Last Saturday, in an attempt to kill time and do something ‘different’, I took the men in my life to Value Village. Secretly, I was hoping to find a pair of vintage lamps, or some Cathrineholm enamelware, to brighten my newly white (Snow Leopard!) living room.
‘Let’s go,’ I called to the men-folk and they all – finally – made their way to the front door, so we could leave. The professor came running down the stairs, in fifth place, as usual. ‘Ready!’ he announced. He was wearing a very old t-shirt One that I’d likely picked up in a Target clearance rack five or six years ago. It had been washed into faded oblivion. What was once an Olympic sports shirt is now a crinkly blue shirt with ‘something’ on the front. It is an ‘at-home’ shirt more than an ‘out-and-about’ shirt, and I’ve tried – several times – to get rid of it. Unsuccessfully.

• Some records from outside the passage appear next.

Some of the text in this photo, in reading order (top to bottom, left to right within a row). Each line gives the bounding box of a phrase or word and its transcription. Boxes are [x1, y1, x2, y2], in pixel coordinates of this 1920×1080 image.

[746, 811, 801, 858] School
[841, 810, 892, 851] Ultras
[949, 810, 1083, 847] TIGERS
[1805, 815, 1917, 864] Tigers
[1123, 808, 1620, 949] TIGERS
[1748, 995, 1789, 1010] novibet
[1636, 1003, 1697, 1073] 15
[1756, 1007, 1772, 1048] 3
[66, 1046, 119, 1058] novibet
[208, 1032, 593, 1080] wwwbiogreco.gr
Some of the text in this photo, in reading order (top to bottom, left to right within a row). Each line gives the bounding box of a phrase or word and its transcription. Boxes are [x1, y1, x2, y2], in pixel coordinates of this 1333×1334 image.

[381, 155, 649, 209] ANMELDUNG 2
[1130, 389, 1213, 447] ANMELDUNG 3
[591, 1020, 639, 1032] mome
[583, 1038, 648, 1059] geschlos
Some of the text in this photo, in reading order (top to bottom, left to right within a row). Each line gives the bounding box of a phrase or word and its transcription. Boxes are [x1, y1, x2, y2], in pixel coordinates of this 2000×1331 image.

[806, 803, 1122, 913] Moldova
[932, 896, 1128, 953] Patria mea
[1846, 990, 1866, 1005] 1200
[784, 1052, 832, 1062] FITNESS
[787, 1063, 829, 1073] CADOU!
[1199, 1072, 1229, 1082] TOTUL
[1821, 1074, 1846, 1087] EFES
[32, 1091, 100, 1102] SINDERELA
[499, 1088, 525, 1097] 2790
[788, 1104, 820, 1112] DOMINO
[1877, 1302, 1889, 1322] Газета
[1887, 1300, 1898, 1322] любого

‘Do you want to change shirts?’ I asked-suggested.
He sighed, went back upstairs and returned wearing a new shirt. And we all piled into the car-van. After an emergency coffee-run, we arrived at the mecca of ‘gently used [vintage] clothing, accessories and collectibles.’
We browsed in the housewares section, where a thin young man was pushing a cart, wearing what looked like a kente cloth mumu. He was Caucasian, sporting a straggly little moustache, which made the ‘look’ that much more…odd. The professor looked around in superior-astonishment. ‘You made me change my shirt, to come here?’
There was no mid-century enamelware. No perfectly bright vintage lamps. Just the same old boxy, brassy things with dirty shades that you can find in any thrift store. But we came across a small Incredibles suitcase, that was perfect for the Hen. He and the Gort had started packing ‘for America’ early that morning and he’d stuffed his worldly goods into a toy basket. Because he didn’t have a suitcase.
The three year old was delighted with his find, pushing it all over the store, causing his older brother much unhappiness.. because he hadn’t gotten a new suitcase. ‘But you have a suitcase,’ we tried to explain. Gently at first. Impatiently after ten minutes of explaining.
I looked at the boys’ jacket section. ‘What about this,’ I held up a small tweed-plaid sportcoat. With velour sleeves and collar. For $5. ‘It could be a detective coat,’ the professor opined excitedly.
Which was all the Gort needed to claim it as his.